Trump mengancam Spanyol dengan embargo perdagangan
Pada tanggal 3 Maret, Presiden AS Donald Trump menginstruksikan Menteri Keuangan Scott Bessent untuk "mengakhiri semua hubungan" dengan Spanyol setelah penolakan Madrid untuk membuka pangkalan Rota dan Morón bagi serangan terhadap Iran. "Kita akan memutus semua perdagangan bersama Spanyol. Kita tidak ingin berhubungan dengan Spanyol," kata Trump dalam pertemuan dengan Kanselir Jerman, Friedrich Merz, di Gedung Putih.

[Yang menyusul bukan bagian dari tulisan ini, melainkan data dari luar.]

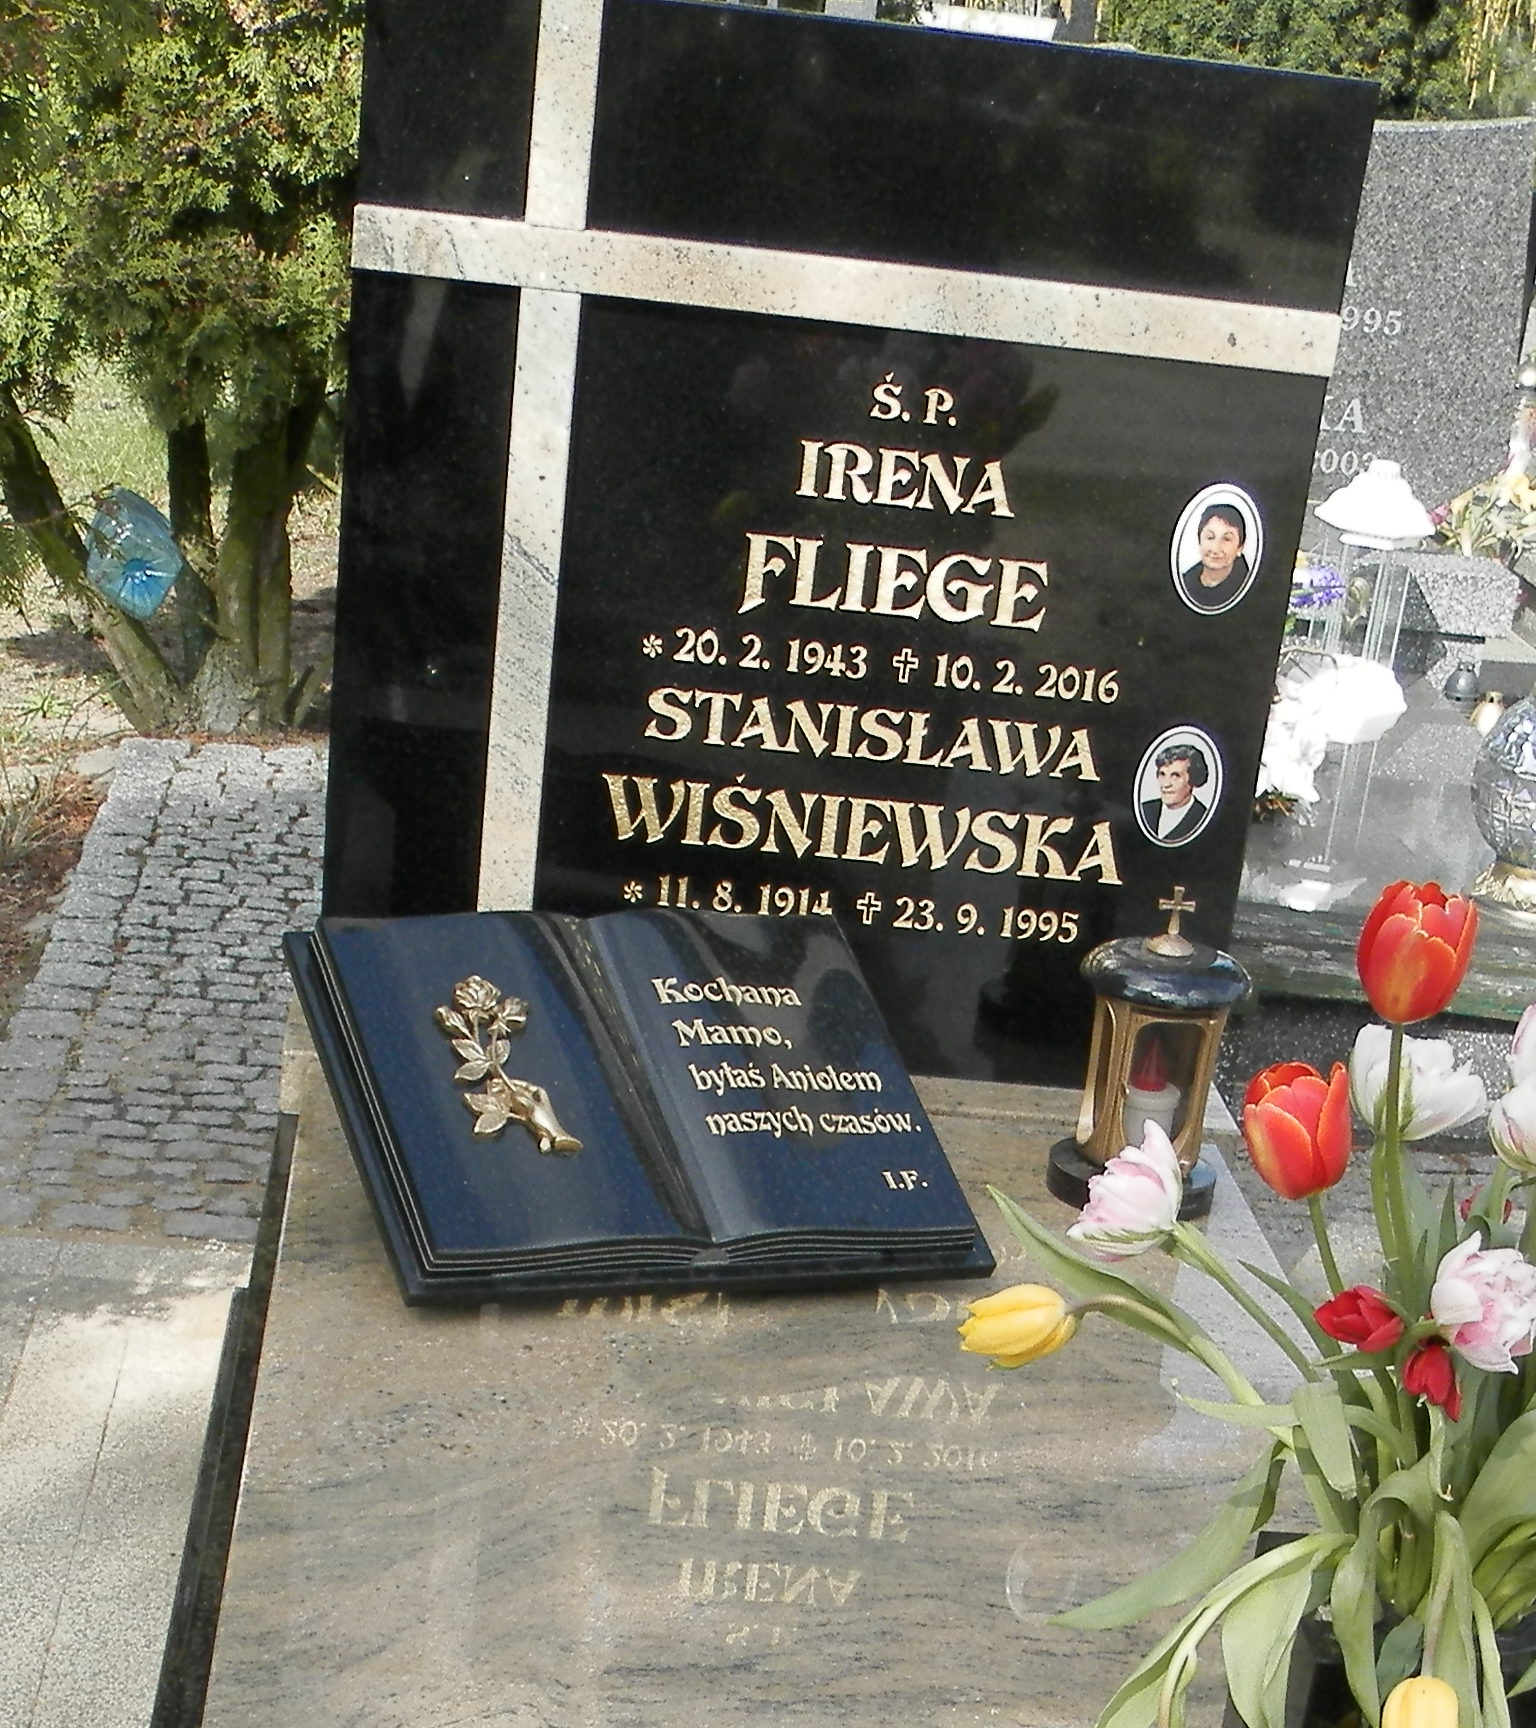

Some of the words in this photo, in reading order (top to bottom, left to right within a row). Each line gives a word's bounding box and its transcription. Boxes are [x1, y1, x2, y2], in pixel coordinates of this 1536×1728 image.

Spanyol telah melarang penggunaan pangkalan-pangkalan tersebut, dengan alasan perjanjian bilateral bersama Amerika Serikat yang mensyaratkan operasi untuk mematuhi hukum internasional dan mendapat dukungan dari Perserikatan Bangsa-Bangsa. "Pangkalan kedaulatan Spanyol tidak akan digunakan untuk apa pun yang tidak sesuai dengan perjanjian bersama Amerika Serikat untuk apa saja yang tidak sesuai dengan piagam Perserikatan Bangsa-Bangsa," kata Menteri Luar Negeri Spanyol, Jose Manuel Albares. Setelahnya, AS menarik 15 pesawat dari fasilitas Spanyol.

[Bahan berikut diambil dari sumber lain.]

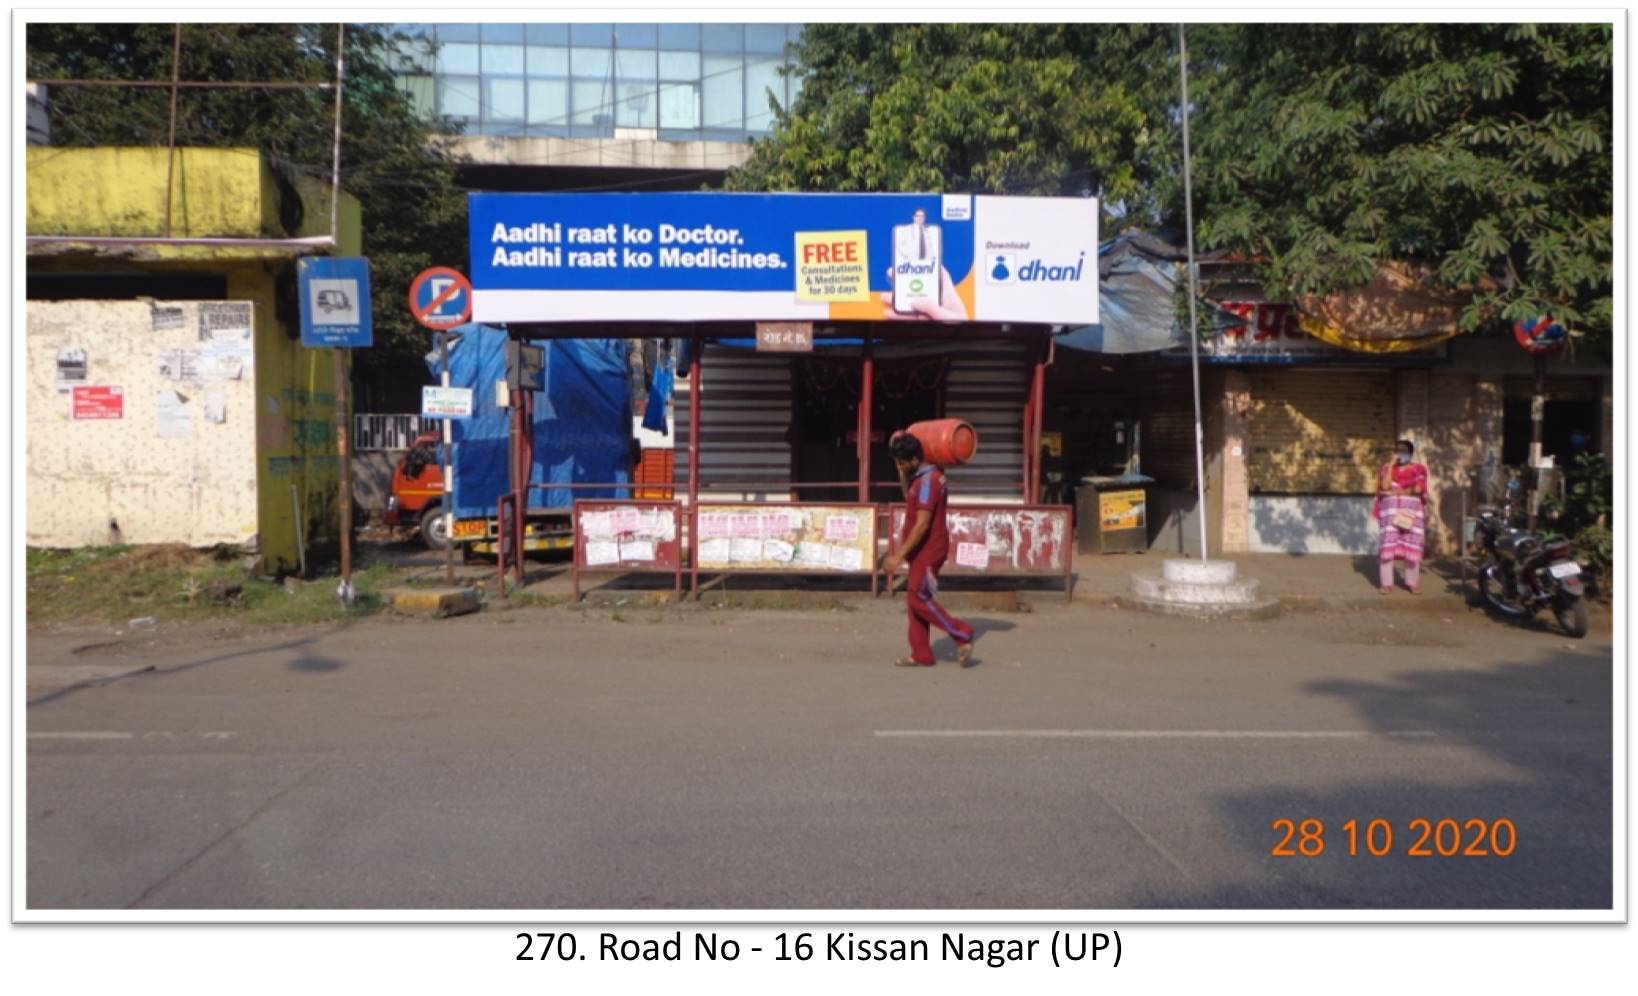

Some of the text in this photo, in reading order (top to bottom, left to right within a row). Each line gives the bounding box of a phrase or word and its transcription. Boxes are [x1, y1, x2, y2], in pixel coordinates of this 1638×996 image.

[491, 222, 744, 245] Aadhi raat ko Doctor.
[803, 241, 859, 264] FREE
[985, 240, 1031, 250] Download
[491, 246, 787, 269] Aadhi raat ko Medicines.
[897, 256, 937, 275] dhani
[1018, 250, 1086, 282] dhani
[801, 265, 863, 275] Consultations
[805, 274, 860, 285] & Medicines
[431, 278, 461, 314] P
[809, 284, 858, 295] for 30 days

Bessent menegaskan bahwa ia akan mengarahkan USTR dan Departemen Perdagangan untuk memulai penyelidikan yang bertujuan untuk menjatuhkan sanksi terhadap Spanyol. Trump merujuk pada putusan Mahkamah Agung, menyatakan bahwa putusan tersebut "sepenuhnya menegaskan" haknya untuk memberlakukan embargo perdagangan berdasarkan Undang-Undang Kekuasaan Ekonomi Darurat Internasional (IEEPA), meskipun pengadilan membatasi penerapn undang-undang ini untuk tarif global.